Let $G$ be a graph of order $n$ and size $m$ such that $\Delta(G)=n-2$ and any two non-adjacent vertices have a common neighbour. Show that $m\geq 2n-4.$

Kindly advise on my proof. Thank you.

Let $v\in G$ such that $v$ is adjacent to$ v_1,..., v_{n-2}$ and not adjacent to $u.$

Then $\sum_{g\in G} \text{deg}(g) \geq (n-2)+(n-2) = 2n-4.$

Now suppose $u$ is adjacent to $v_1,...,v_k$ and not adjacent to $v_{k+1},..., v_{n-2}.$ Then $\sum_{g\in G} \text{deg}(g)$ will increase by at least $k+k=2k.$

Given $v_i(i=k+1,..., n-2), $ by assumption in the problem, there exists $v_j(j = 1,..., k)$ such that $v_j$ is adjacent to $v_i.$ We can assume $v_1$ will be adjacent to all $v_i(i=k+1,...,n-2).$

Then $\sum_{g\in G} \text{deg}(g)$ will increase by at least $n-2-k + n-2-k = 2n-4-2k.$

Hence, $2m = \sum_{g\in G} \text{deg}(g)\geq 2n-4-2k+2k+2n -4 = 4n -8.$

Answer 1

Let's take a constructive approach. We're given the following:

(1) $G$ has $n$ vertices

(2) $G$ has $m$ edges

(3) $\Delta(G)=n-2$, i.e. the maximum degree of any vertex in $V(G)=n-2$

(4) Any two non-adjacent vertices share a neighbor. That is, if $u,v\in V(G)$ such that $u\nleftrightarrow v$, then there exists some $w\in V(G)$ such that $u\leftrightarrow w$ and $v\leftrightarrow w$.
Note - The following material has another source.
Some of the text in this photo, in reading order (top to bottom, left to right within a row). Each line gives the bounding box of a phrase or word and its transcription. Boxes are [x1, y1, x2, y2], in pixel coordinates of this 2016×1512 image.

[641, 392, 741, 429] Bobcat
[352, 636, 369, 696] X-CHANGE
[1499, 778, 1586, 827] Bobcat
Let $v\in V(G)$ such that $\delta(v)=n-2$. Name the adjacent vertices $v_i$ such that $i\in\{1,\dots,n-2\}$. At this point, we know $|E(G)|\geq n-2$. In addition, our choice of $v$ implies that there must exist $u\in V(G)$ such that $v\nleftrightarrow u$. However, property (4) implies that $u\leftrightarrow v_j$ for some $j\in\{1,\dots,n-2\}$. Hence, $|E(G)|\geq n-1$.

We still need to consider whether or not $u$ is adjacent to any of the other vertices $v_\ell$, where $v_\ell\in\{1,\dots,j-1,j+1,\dots,n-2\}$. Notice that there are $n-3$ elements in this set. We don't know for sure how many of these vertices are adjacent to $u$, so let's assume that $u$ is adjacent to $k$ of these vertices where $0\leq k\leq n-3$. Thus, $|E(G)|\geq n-1+k$.
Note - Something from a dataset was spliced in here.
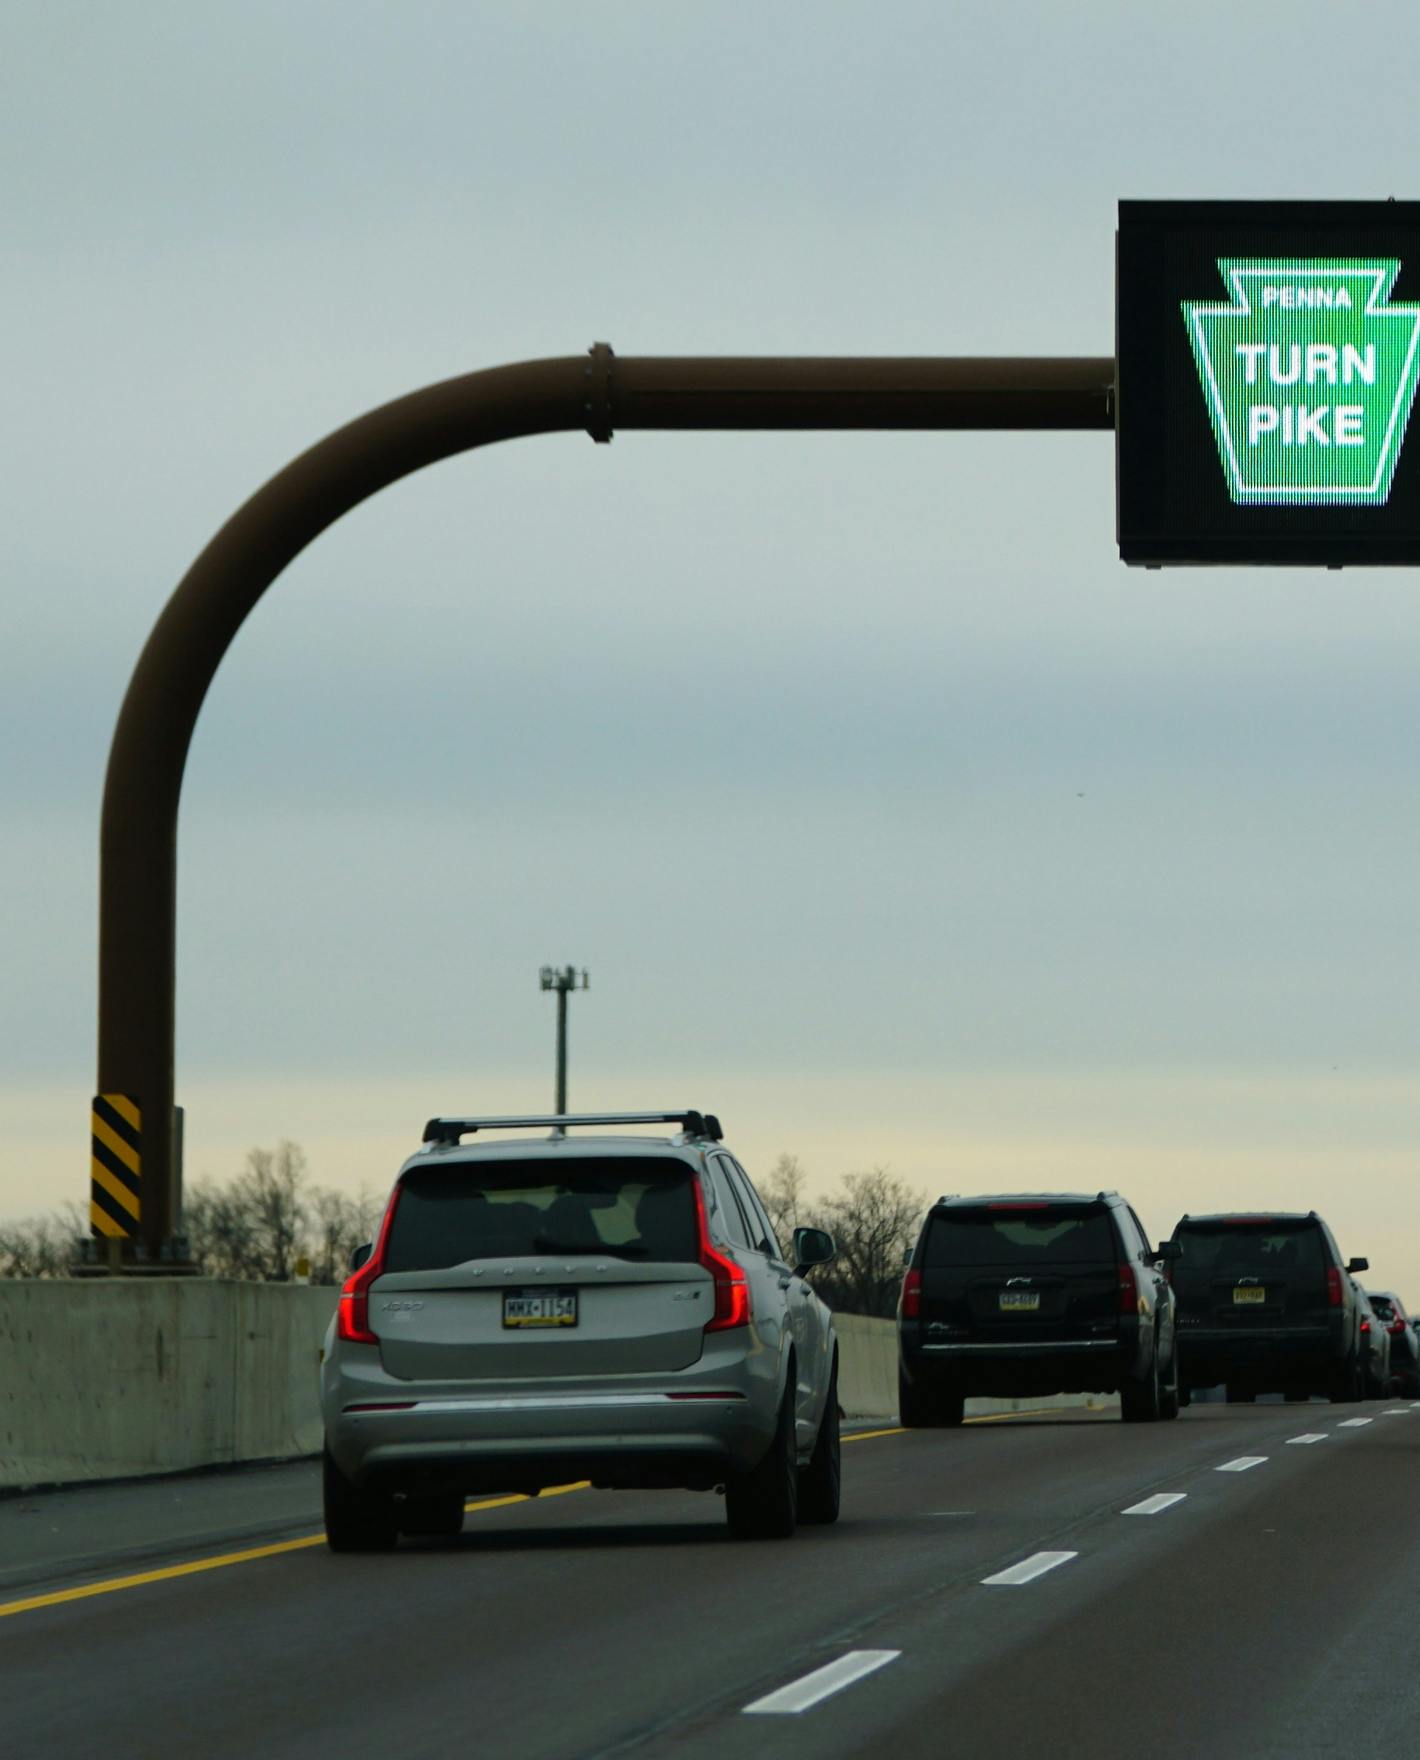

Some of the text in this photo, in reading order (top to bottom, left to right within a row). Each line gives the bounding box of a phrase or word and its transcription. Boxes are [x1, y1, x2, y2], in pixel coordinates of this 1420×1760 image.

[1262, 285, 1353, 309] PENNA
[1235, 343, 1377, 386] TURN
[1248, 403, 1365, 447] PIKE
There remains $(n-3-k)$ vertices in the set $\{1,\dots,j-1,j+1,\dots,n-2\}$ which are not adjacent to $u$. Once again, property $(4)$ implies that each of these vertices must then be adjacent to some vertex which is adjacent to $u$. So it must be the case that $$|E(G)|\geq (n-1+k)+(n-3-k)=2n-4$$ or equivalently $m\geq 2n-4$.

Answer 2

Let $V(G)=\{v_1,v_2,...,v_n\}$ and suppose $v_1$ is the vertex with maximum degree, i.e. $\deg(v_1)=n-2$. W.L.O.G. let $v_1$ be adjacent to $\{v_2,...,v_{n-1}\}$, but not $v_n$. This implies $v_1$ contributes exactly $n-2$ edges to $e(G)$.

Now, $v_n$ must be adjacent to at least one of the vertices $v_2,...,v_{n-1}$. Again, W.LO.G. let $v_n$ be adjacent to the $k$ vertices in the set $V'=\{v_2,..., v_{k+1}\}$, and not adjacent to the $n-2-k$ vertices in the set $V''=\{v_{k+2},..., v_{n-1}\}$. This implies that $v_n$ contributes exactly $k$ edges to $e(G)$, that are distinct from those contributed by $v_1$. This also implies that, in order for every vertex in $V''$ to have a common neighbour with $v_n$, it must be adjacent to at least one vertex in $V'$. Equivalently, each of the $n-2-k$ vertices in $V''$ contribute at least one edge to $e(G)$, that are distinct from those contributed by $v_1$ and $v_n$.

Hence, in conclusion, $m \geq n-2 + k + n-2-k = 2n-4$.